Boy 2: No I have the healthiest grandma. She is 76 years old and can still finish a marathon!
Boy 3: I have the healthiest grandma. She is 85 and she is in the hospital...
Boy 1 and 2 looking confused
Boy 1: If she's so healthy why is she in the hospital?
Boy 3: Cause she's giving birth right now!

After a long labourous birth...

... the gynecologist finally holds the baby. Just as he is about to give it to the mom, he drops it on the floor.

The mother cries out in distress, and the doctor goes: "April's fools! It was already dead!"

How do bees give birth?

They have B-sections.

A old man as a pet mongoose who gives birth.

Deciding he can't look after the mongoose and the pup he decides to donate them to the zoo and writes a letter to explain.


Dear zoo,

I would like to donate two ~~mongooses~~ ~~mongeeses~~ ~~mongi~~


.

.

.

Dear zoo,

I would like to donate one mongoose.

PS here is another.

a joke we tell in Ukraine

A russian, a Ukrainian and an African American guys are sitting in the waiting room while their wives give birth.


The nurse comes out with 3 babies and says "sorry guys, they've got mixed up..let's see whose is whose".
The Ukrainian takes a black kid and runs.
They yell "hold on dude!!! That kid is obviously not yours!"
the Ukrainian replied "I don't care I dont want a russian!!!"

I went to the hospital the other day because my wife was giving birth. The doctor came out of the room, handed me a baby and said I'm sorryβ€” your wife didn't make it.
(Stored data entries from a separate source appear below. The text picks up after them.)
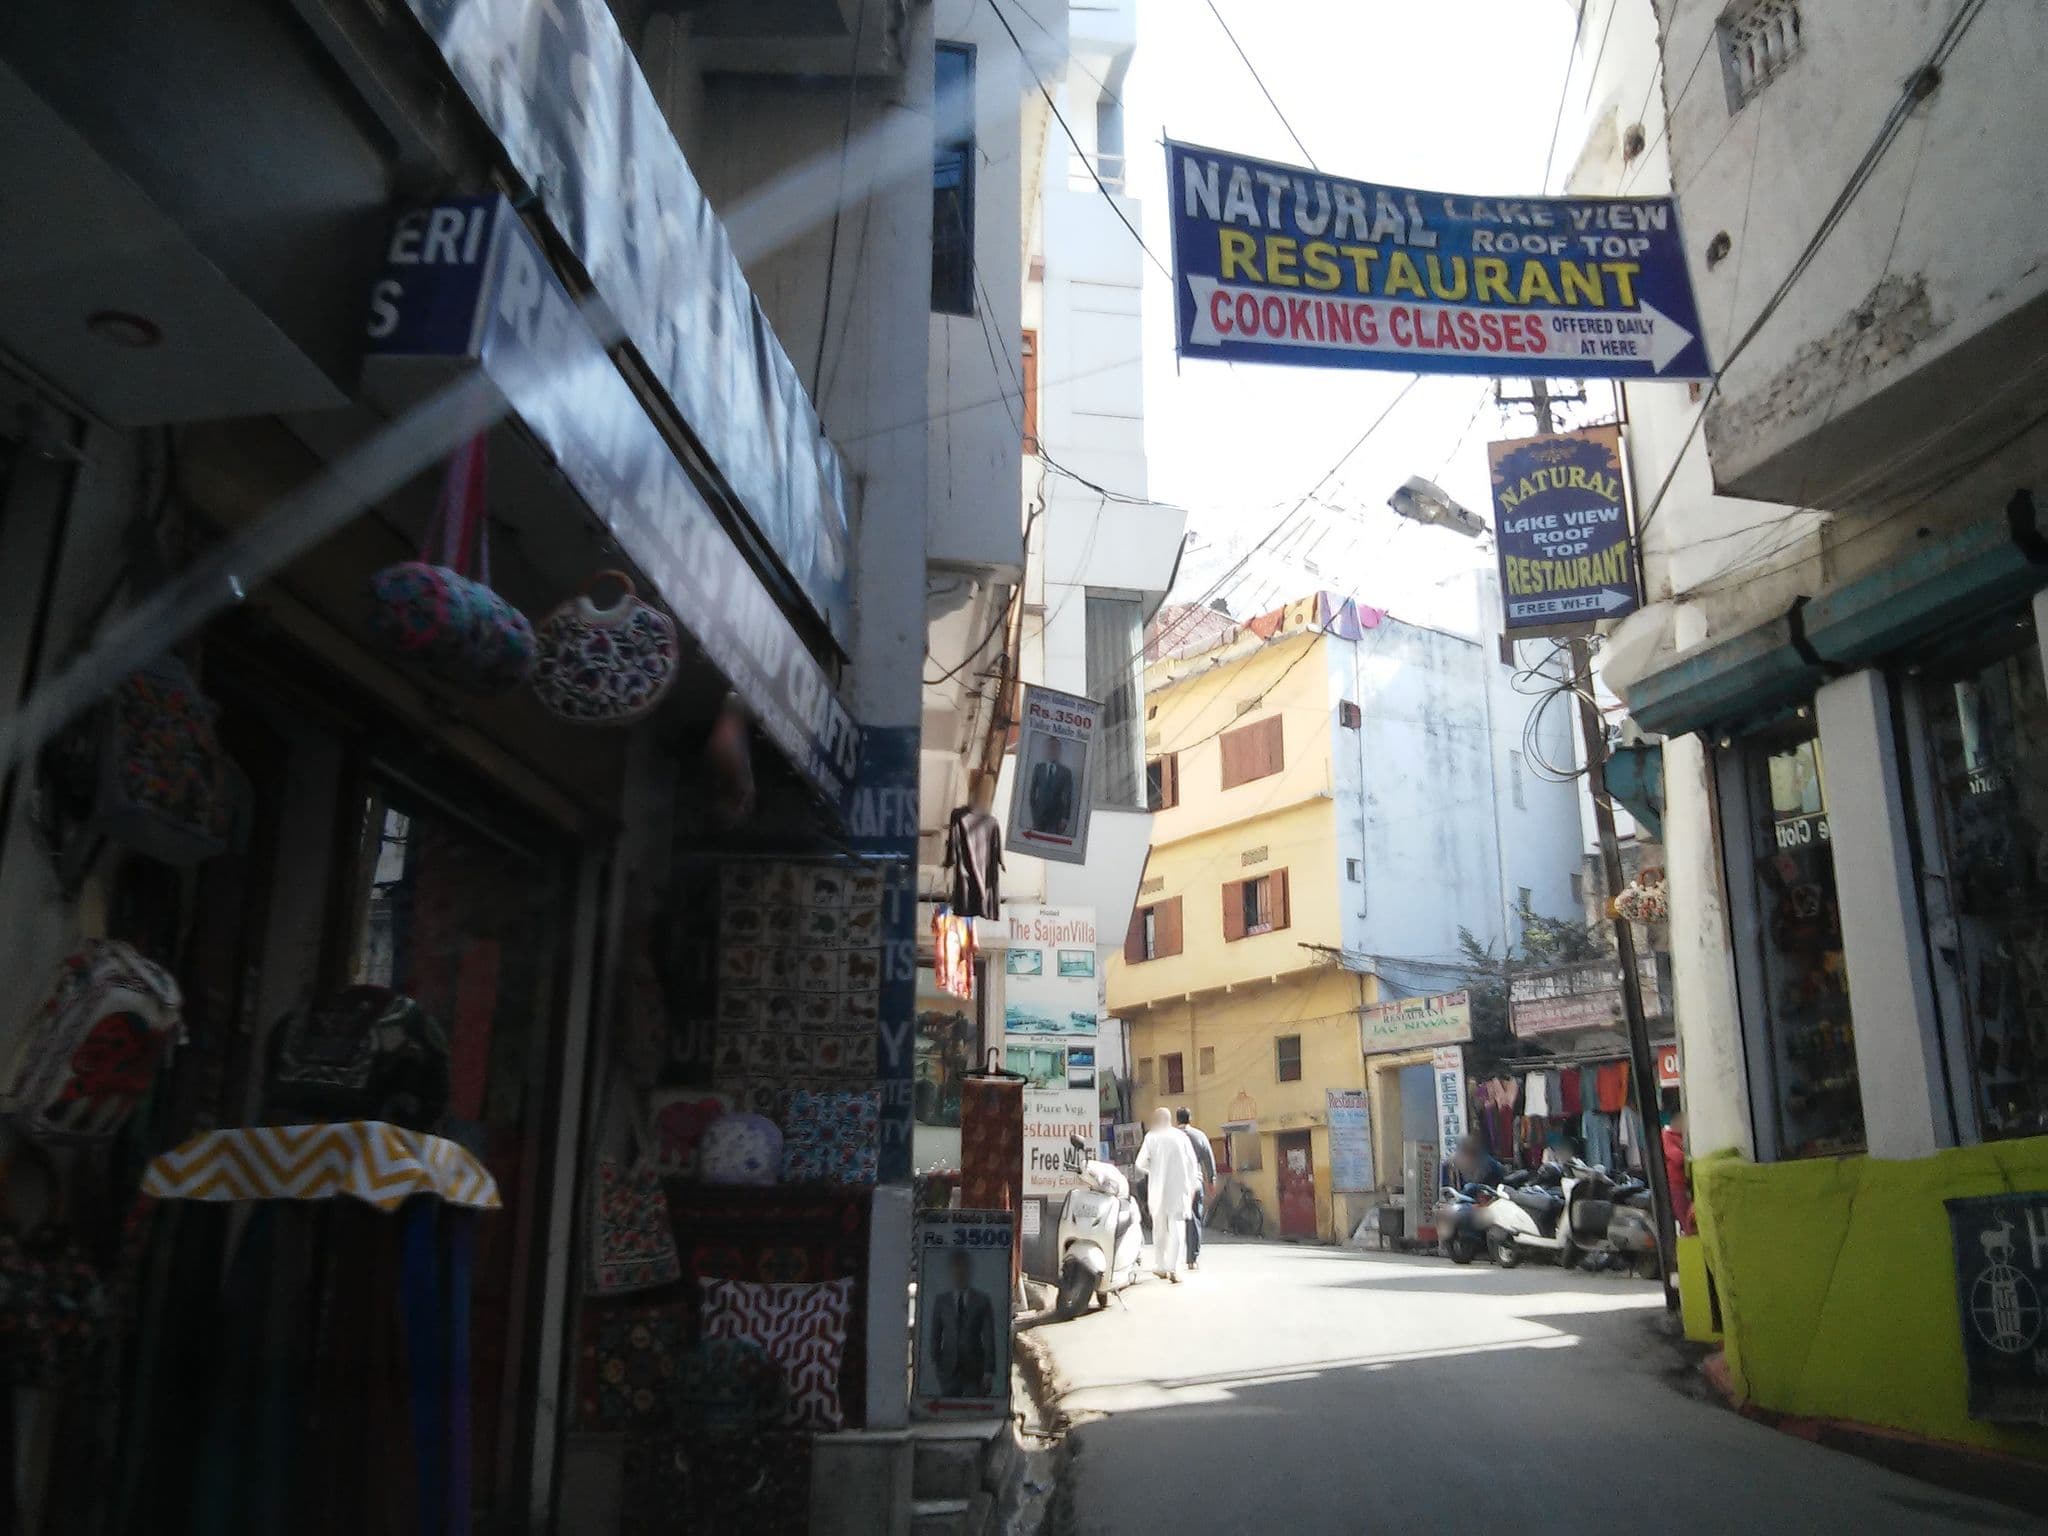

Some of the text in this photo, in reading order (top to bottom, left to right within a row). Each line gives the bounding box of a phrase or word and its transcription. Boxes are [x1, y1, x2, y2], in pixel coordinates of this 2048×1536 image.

[1183, 156, 1668, 249] NATURAL LAKE VIEW
[1471, 228, 1651, 259] ROOF TOP
[1218, 227, 1640, 309] RESTAURANT
[1209, 290, 1656, 355] COOKING CLASSES OFFERED DAILY
[1580, 339, 1638, 358] AT HERE
[1498, 466, 1620, 514] NATURAL
[1504, 506, 1620, 534] LAKE VIEW
[1532, 526, 1595, 545] ROOF
[1542, 542, 1589, 558] TOP
[1505, 540, 1629, 596] RESTAURANT
[1517, 596, 1600, 616] FREE WI-FI
[788, 648, 859, 779] CRAFTS
[1009, 917, 1031, 940] The
[1036, 1104, 1087, 1116] Pure Veg.
[1024, 1121, 1094, 1138] estaurant
[1031, 1147, 1060, 1170] Free
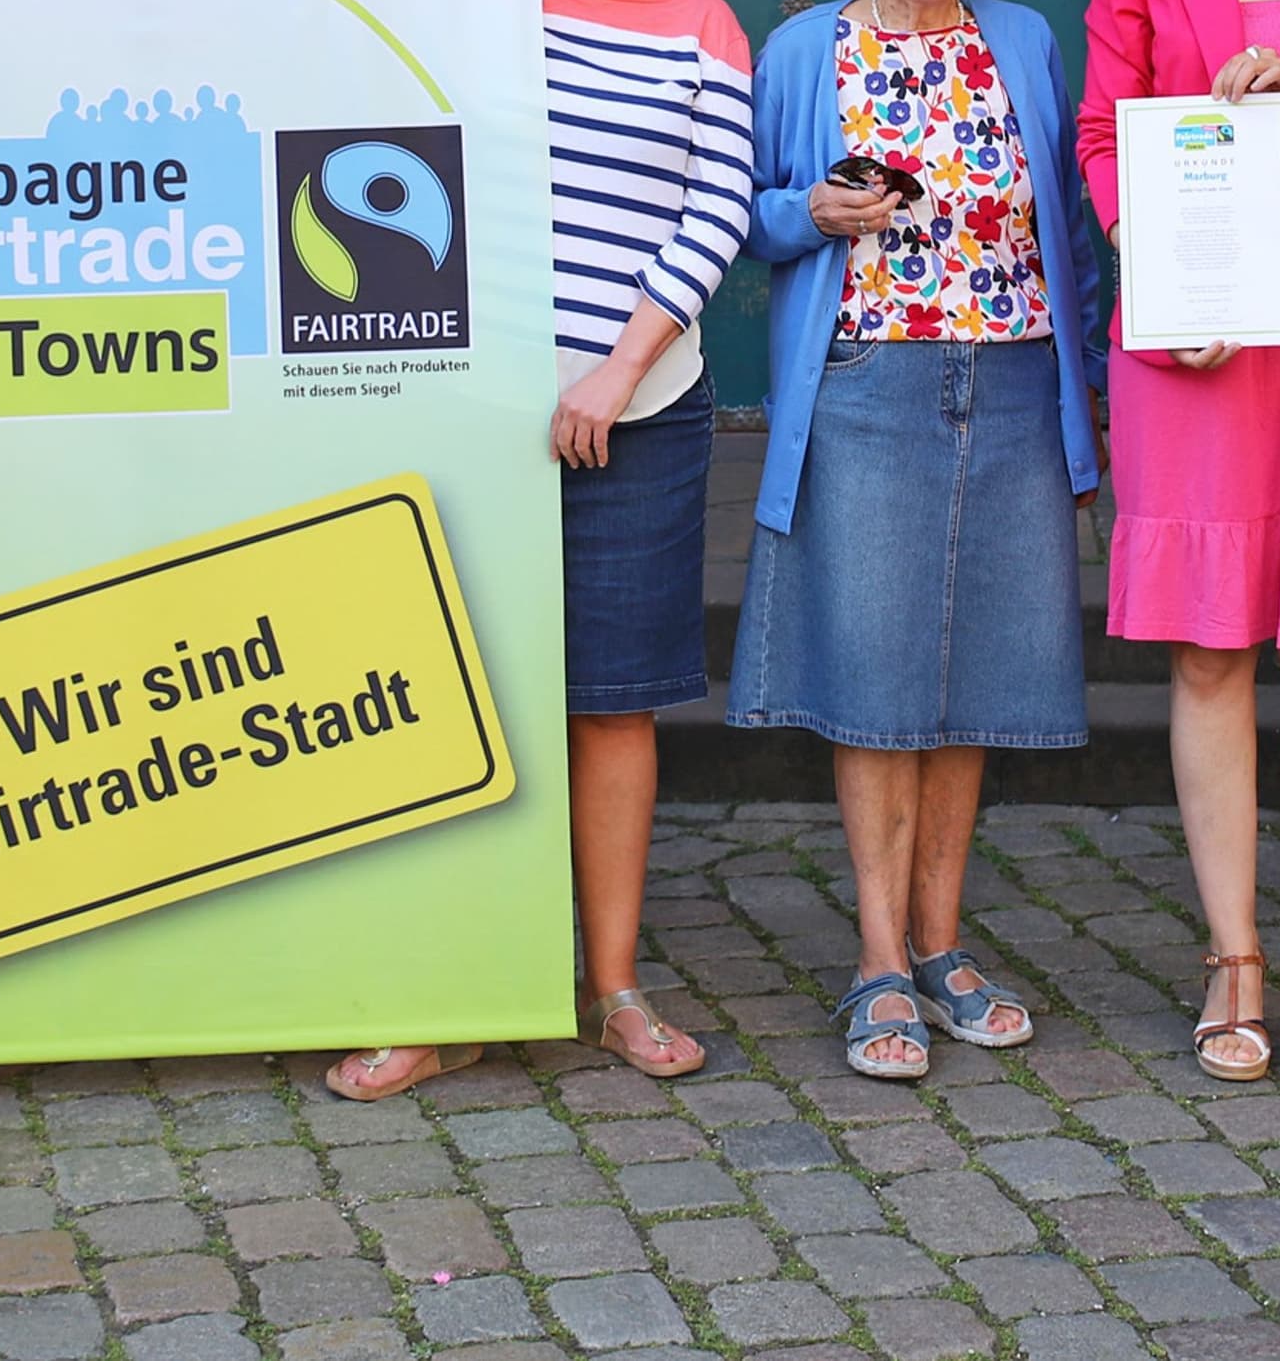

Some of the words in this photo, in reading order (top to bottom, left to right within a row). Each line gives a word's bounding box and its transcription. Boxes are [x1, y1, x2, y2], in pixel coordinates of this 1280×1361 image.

[1184, 171, 1227, 182] Marburg
[293, 310, 458, 342] FAIRTRADE
[282, 364, 338, 377] Schauen
[342, 362, 362, 375] Sie
[366, 360, 397, 374] nach
[401, 358, 470, 373] Produkten
[283, 386, 305, 398] mit
[309, 384, 357, 397] diesem
[360, 382, 402, 398] Siegel
[142, 615, 286, 713] sind
I said, Okay, could you give me the one my wife made?

Just think that there are jokes based on truth that can bring down governments, or jokes which make girl laugh. Many of the giving birth birth day jokes and puns are jokes supposed to be funny, but some can be offensive. When jokes go too far, are mean or racist, we try to silence them and it will be great if you give us feedback every time when a joke become bullying and inappropriate.

We suggest to use only working giving birth giving head piadas for adults and blagues for friends. Some of the dirty witze and dark jokes are funny, but use them with caution in real life. Try to remember funny jokes you've never heard to tell your friends and will make you laugh.